From the line that contains "this 1280×1707 image." to the last line of the data, every line is to be transcribed exactly; no other line is to be included.

#### THE DATA ####

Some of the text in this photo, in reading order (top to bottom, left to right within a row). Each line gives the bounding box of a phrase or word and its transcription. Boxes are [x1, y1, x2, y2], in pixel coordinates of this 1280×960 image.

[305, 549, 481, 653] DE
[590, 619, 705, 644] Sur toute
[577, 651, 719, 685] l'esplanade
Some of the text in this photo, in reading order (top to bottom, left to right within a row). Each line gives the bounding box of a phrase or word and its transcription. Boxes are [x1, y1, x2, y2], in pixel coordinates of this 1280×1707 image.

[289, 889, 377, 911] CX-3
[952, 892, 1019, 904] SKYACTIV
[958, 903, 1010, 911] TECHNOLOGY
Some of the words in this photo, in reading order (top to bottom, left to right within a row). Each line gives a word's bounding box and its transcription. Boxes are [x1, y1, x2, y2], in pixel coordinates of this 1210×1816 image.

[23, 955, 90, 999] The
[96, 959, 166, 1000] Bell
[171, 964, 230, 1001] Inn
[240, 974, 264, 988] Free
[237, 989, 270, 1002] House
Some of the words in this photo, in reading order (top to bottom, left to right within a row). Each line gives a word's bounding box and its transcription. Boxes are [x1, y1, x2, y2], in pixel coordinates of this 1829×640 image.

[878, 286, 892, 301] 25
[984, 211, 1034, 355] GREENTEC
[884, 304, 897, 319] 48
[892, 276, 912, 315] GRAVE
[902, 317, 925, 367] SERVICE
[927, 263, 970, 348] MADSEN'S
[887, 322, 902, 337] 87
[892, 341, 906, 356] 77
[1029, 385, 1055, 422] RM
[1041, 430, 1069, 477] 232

####

--- ANSWER AREA ---
Some of the text in this photo, in reading order (top to bottom, left to right within a row). Each line gives the bounding box of a phrase or word and its transcription. Boxes are [x1, y1, x2, y2], in pixel coordinates of this 1280×1707 image.

[289, 889, 377, 911] CX-3
[952, 892, 1019, 904] SKYACTIV
[958, 903, 1010, 911] TECHNOLOGY
Some of the words in this photo, in reading order (top to bottom, left to right within a row). Each line gives a word's bounding box and its transcription. Boxes are [x1, y1, x2, y2], in pixel coordinates of this 1210×1816 image.

[23, 955, 90, 999] The
[96, 959, 166, 1000] Bell
[171, 964, 230, 1001] Inn
[240, 974, 264, 988] Free
[237, 989, 270, 1002] House
Some of the words in this photo, in reading order (top to bottom, left to right within a row). Each line gives a word's bounding box and its transcription. Boxes are [x1, y1, x2, y2], in pixel coordinates of this 1829×640 image.

[878, 286, 892, 301] 25
[984, 211, 1034, 355] GREENTEC
[884, 304, 897, 319] 48
[892, 276, 912, 315] GRAVE
[902, 317, 925, 367] SERVICE
[927, 263, 970, 348] MADSEN'S
[887, 322, 902, 337] 87
[892, 341, 906, 356] 77
[1029, 385, 1055, 422] RM
[1041, 430, 1069, 477] 232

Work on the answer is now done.